Further, Defendant argues Twitter is known as a forum for expressing opinions about controversial issues, and therefore any reader would know Defendant’s statements were only an opinion. This argument is rejected because it is reasonable to infer that, in addition to opinions, Twitter users may tweet verifiable, objective facts. Lastly, Defendant cites the heated public debate over immigration and treatment policy of deportation that was occurring when he posted the Contested Tweet. But that context does not alter Defendant’s assertion of fact as to Plaintiff’s criminal conduct.

And the court concluded that the tweet wasn’t protected under the California statutory fair report privilege, which exempts from libel liability “a fair and true report in, or a communication to, a public journal … of [a] public official proceeding:

Based on the limited record, the Court is not persuaded Twitter reasonably fits within the term “public journal.” Merriam-Webster defines “journal” as “a daily newspaper or a periodical dealing especially with matters of current interest.” Twitter is a micro-blogging platform, not a newspaper or periodical. Regardless, the Contested Tweet does not discuss or cite any official proceeding. Instead, the statements concern Plaintiff’s alleged conduct as a doctor at detention centers. Although Defendant contends other posts on Twitter referred to investigations, those posts are separate from the one at issue here. Based on the claims, the privilege is not applicable.
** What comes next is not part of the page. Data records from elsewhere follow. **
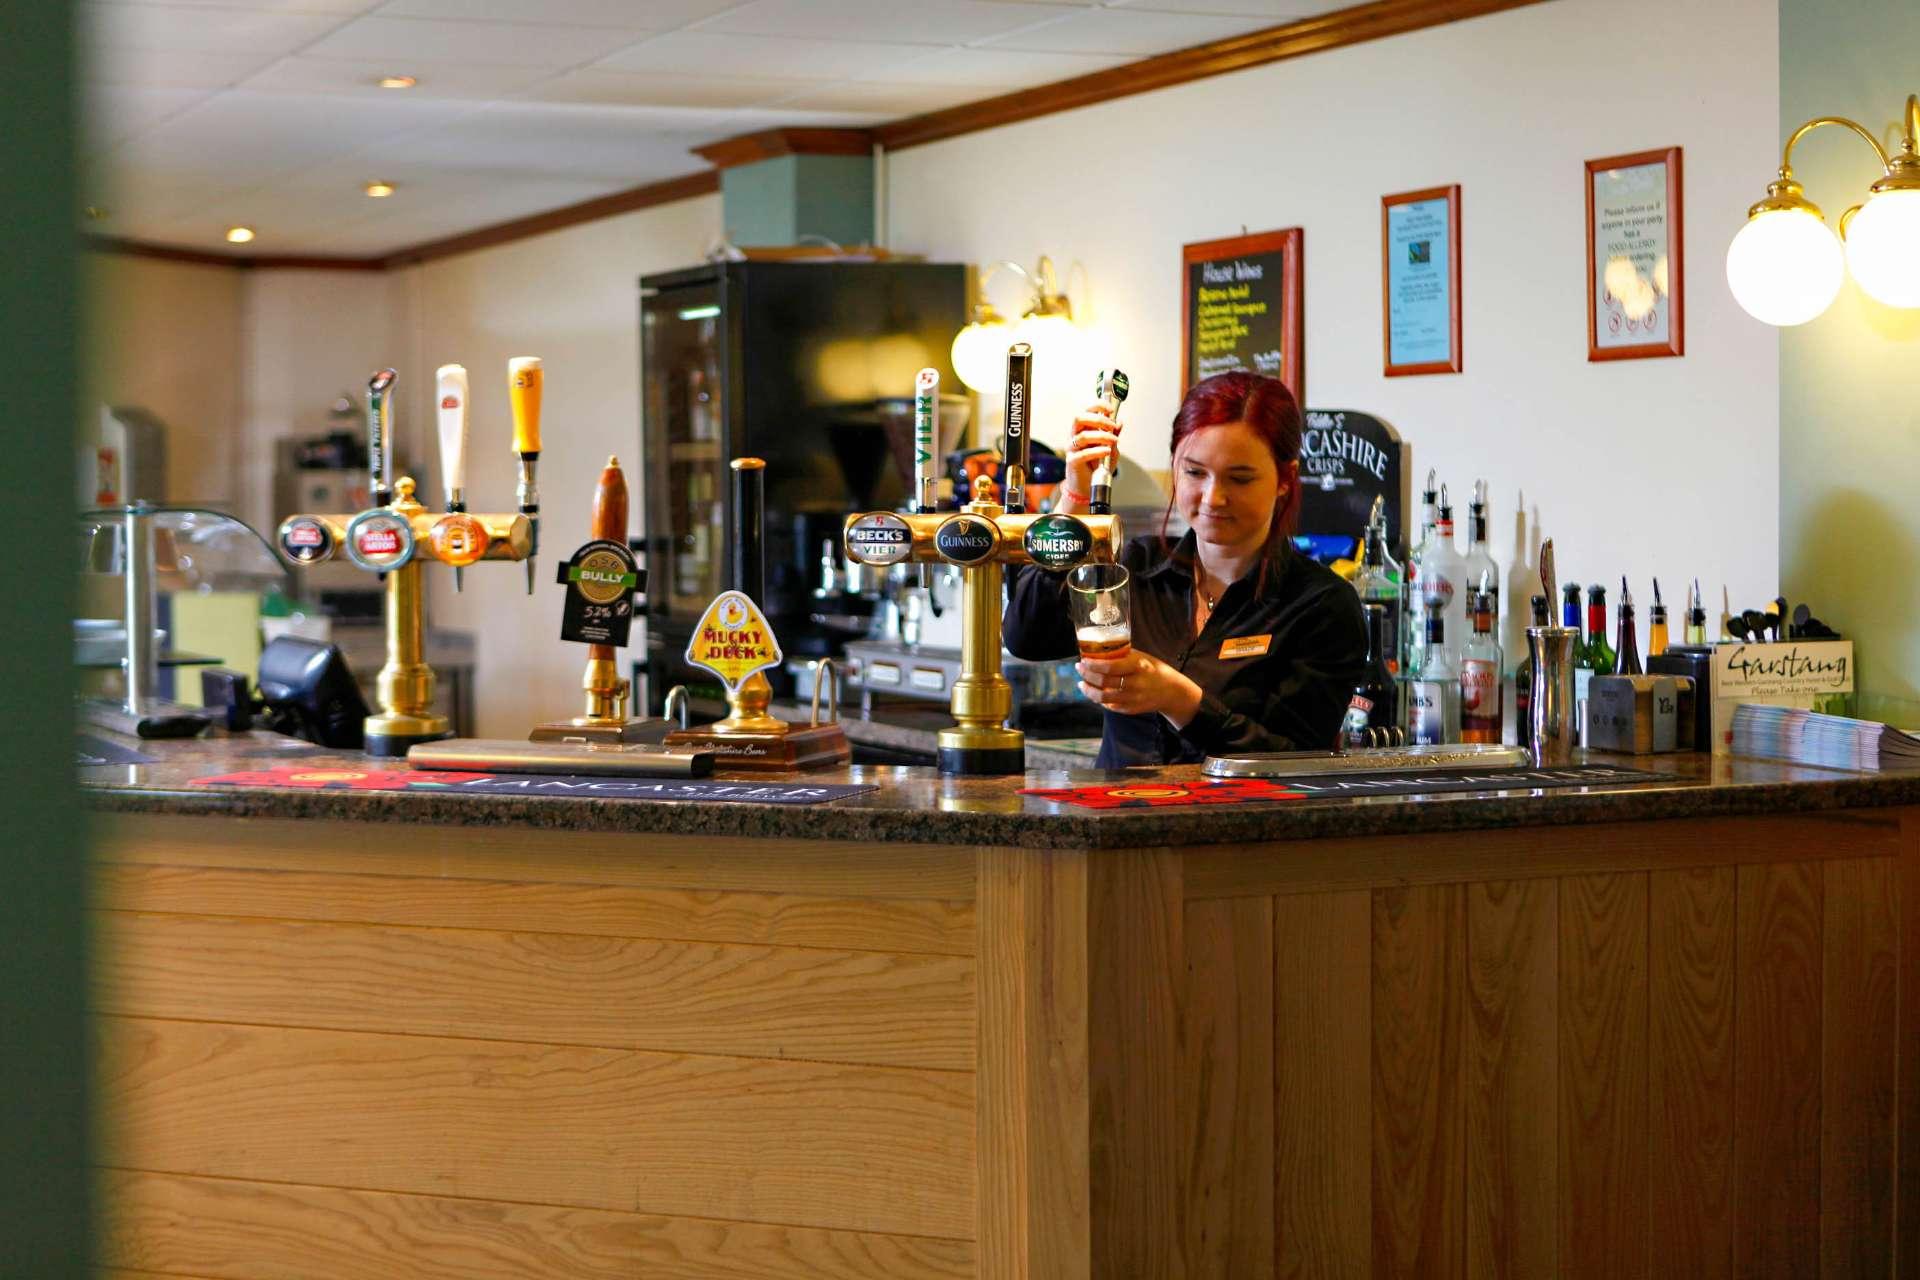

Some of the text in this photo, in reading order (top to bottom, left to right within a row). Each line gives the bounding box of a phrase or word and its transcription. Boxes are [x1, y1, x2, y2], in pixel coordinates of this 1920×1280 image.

[1008, 382, 1023, 437] GUINNESS
[915, 395, 933, 466] VIER
[1307, 456, 1345, 475] CRISPS
[856, 529, 904, 542] BECK'S
[940, 535, 990, 548] GUINNESS
[863, 545, 896, 555] VIER
[1031, 539, 1084, 552] SOMERSBY
[581, 570, 625, 583] BULLY
[703, 630, 762, 644] MUCKY
[1728, 646, 1847, 688] Garstang
[464, 778, 828, 796] LANCASTER
Note that California’s fair report privilege seems unusual in its limitation to a “report in, or a communication to, a public journal”; the Restatement (Second) of Torts § 611, which generally summarizes the common law, has no such limitation. Under the California statutory test, as interpreted by the court, Tweeting out a quote reporting what a witness said in a trial (or perhaps even what a court said a witness said in a trial) might well be libelous, under the Republication Rule; that strikes me as wrong. Perhaps some future case might consider whether the First Amendment mandates a stronger fair report privilege, applicable equally to people who aren’t writing for or to “public journals.” See Trainor v. The Standard Times (RI 2007) (“Although we need not and do not pass upon the issue in this case, we note that recognition of the fair report privilege may quite possibly be constitutionally required in light of the courts’ continually evolving understanding of the implications of the First Amendment.”); Liberty Lobby, Inc. v. Dow Jones & Co., Inc. (DC Cir. 1988) (“Federal constitutional concerns are implicated … when common law liability is asserted against a defendant for an accurate account of judicial proceedings.”); Medico v. Time, Inc. (3d Cir. 1981) (“Although the Supreme Court has never explicitly recognized a constitutional privilege of fair report, several of its recent decisions point toward that result.”)

Congratulations to plaintiff’s counsel, Wynter Deagle, Anne-Marie Dao, and Yarazel Mejorado of Sheppard Mullin; Stacey Godfrey Evans, Tiffany Watkins, and John Amble Johnson of Stacey Evans Law; and Scott Grubman.